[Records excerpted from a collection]
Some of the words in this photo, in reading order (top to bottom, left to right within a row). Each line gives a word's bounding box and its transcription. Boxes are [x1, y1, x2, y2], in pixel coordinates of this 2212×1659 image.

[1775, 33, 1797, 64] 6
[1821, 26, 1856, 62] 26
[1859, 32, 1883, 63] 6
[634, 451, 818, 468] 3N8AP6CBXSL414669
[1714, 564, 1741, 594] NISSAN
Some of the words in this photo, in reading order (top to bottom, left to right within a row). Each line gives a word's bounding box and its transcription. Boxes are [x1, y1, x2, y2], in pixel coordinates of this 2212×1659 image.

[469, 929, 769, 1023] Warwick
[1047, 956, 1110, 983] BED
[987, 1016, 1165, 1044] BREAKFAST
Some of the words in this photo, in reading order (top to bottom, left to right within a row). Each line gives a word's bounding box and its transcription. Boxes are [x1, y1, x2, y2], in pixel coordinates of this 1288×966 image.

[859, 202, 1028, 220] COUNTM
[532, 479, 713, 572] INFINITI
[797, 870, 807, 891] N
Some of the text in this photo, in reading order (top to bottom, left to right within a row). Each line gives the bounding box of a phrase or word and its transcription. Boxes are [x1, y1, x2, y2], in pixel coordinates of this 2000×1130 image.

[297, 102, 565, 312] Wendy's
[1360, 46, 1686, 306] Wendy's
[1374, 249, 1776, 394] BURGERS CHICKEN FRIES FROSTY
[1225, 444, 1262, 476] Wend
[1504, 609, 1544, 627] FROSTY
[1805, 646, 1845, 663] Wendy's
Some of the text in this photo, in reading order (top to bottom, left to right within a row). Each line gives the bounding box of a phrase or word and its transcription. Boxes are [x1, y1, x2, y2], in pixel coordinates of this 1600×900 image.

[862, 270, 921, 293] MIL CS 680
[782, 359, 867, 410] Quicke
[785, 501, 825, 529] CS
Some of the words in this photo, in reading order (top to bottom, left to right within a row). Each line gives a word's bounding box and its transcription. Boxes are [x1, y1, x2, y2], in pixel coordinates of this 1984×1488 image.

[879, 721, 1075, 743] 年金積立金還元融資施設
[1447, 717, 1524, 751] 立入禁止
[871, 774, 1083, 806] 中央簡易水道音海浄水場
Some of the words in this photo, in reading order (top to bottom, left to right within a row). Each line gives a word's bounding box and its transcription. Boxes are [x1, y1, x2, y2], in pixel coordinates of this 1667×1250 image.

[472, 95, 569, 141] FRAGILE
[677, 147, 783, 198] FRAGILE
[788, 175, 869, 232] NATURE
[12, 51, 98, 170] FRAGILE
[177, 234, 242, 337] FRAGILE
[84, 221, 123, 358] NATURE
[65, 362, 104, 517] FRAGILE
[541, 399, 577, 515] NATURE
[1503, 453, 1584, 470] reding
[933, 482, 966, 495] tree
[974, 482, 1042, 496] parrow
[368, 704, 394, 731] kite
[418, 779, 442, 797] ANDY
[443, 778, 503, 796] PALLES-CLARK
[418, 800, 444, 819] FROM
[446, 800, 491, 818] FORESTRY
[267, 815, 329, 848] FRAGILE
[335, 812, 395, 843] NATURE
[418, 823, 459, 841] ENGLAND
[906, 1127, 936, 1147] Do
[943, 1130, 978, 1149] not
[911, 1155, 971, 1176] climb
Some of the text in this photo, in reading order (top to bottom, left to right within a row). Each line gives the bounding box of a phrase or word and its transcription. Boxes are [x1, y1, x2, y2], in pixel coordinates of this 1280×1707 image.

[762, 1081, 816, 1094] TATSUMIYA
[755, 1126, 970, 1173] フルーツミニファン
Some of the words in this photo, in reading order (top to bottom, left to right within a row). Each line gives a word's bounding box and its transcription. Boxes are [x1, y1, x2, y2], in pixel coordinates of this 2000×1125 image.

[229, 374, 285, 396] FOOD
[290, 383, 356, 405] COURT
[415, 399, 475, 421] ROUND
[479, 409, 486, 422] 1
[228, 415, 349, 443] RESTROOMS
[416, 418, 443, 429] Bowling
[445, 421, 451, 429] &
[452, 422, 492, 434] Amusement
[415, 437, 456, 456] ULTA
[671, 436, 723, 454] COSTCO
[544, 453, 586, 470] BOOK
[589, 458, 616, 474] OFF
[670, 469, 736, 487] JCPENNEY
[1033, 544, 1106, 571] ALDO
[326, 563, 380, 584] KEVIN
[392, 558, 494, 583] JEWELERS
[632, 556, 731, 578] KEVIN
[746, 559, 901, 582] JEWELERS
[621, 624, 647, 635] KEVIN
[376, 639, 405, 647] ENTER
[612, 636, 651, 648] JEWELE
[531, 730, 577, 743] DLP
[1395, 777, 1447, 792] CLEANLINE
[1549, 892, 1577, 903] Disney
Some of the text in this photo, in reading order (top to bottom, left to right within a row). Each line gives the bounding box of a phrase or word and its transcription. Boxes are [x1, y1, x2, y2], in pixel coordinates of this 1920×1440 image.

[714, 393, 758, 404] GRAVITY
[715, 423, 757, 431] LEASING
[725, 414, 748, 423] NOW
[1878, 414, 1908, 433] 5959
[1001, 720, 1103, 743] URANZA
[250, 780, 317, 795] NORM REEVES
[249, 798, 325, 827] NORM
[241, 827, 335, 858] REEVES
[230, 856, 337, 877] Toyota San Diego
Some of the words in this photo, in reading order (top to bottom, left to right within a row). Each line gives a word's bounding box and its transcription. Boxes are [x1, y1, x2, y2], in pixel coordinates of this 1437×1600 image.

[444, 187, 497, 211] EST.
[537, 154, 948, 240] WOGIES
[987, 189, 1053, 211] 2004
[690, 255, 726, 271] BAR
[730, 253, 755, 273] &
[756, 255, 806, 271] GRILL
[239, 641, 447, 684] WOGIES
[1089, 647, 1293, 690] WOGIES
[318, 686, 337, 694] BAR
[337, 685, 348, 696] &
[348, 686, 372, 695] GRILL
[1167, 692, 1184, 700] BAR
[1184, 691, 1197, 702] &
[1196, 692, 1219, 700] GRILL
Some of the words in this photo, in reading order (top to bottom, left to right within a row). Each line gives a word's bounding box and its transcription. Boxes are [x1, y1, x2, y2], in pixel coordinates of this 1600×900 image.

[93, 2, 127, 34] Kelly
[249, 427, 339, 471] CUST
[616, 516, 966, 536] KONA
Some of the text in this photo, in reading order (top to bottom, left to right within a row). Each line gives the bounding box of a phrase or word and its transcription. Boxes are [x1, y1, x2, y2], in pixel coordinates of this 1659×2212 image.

> **ASSIGNMENT**
Only the last part of the records is wanted. Repeat it exactly, beginning at the line containing "this 1437×1600 image." and ending at the final line.

> **YOUR SOLUTION**
Some of the words in this photo, in reading order (top to bottom, left to right within a row). Each line gives a word's bounding box and its transcription. Boxes are [x1, y1, x2, y2], in pixel coordinates of this 1437×1600 image.

[444, 187, 497, 211] EST.
[537, 154, 948, 240] WOGIES
[987, 189, 1053, 211] 2004
[690, 255, 726, 271] BAR
[730, 253, 755, 273] &
[756, 255, 806, 271] GRILL
[239, 641, 447, 684] WOGIES
[1089, 647, 1293, 690] WOGIES
[318, 686, 337, 694] BAR
[337, 685, 348, 696] &
[348, 686, 372, 695] GRILL
[1167, 692, 1184, 700] BAR
[1184, 691, 1197, 702] &
[1196, 692, 1219, 700] GRILL
Some of the words in this photo, in reading order (top to bottom, left to right within a row). Each line gives a word's bounding box and its transcription. Boxes are [x1, y1, x2, y2], in pixel coordinates of this 1600×900 image.

[93, 2, 127, 34] Kelly
[249, 427, 339, 471] CUST
[616, 516, 966, 536] KONA
Some of the text in this photo, in reading order (top to bottom, left to right within a row). Each line gives the bounding box of a phrase or word and its transcription. Boxes are [x1, y1, x2, y2], in pixel coordinates of this 1659×2212 image.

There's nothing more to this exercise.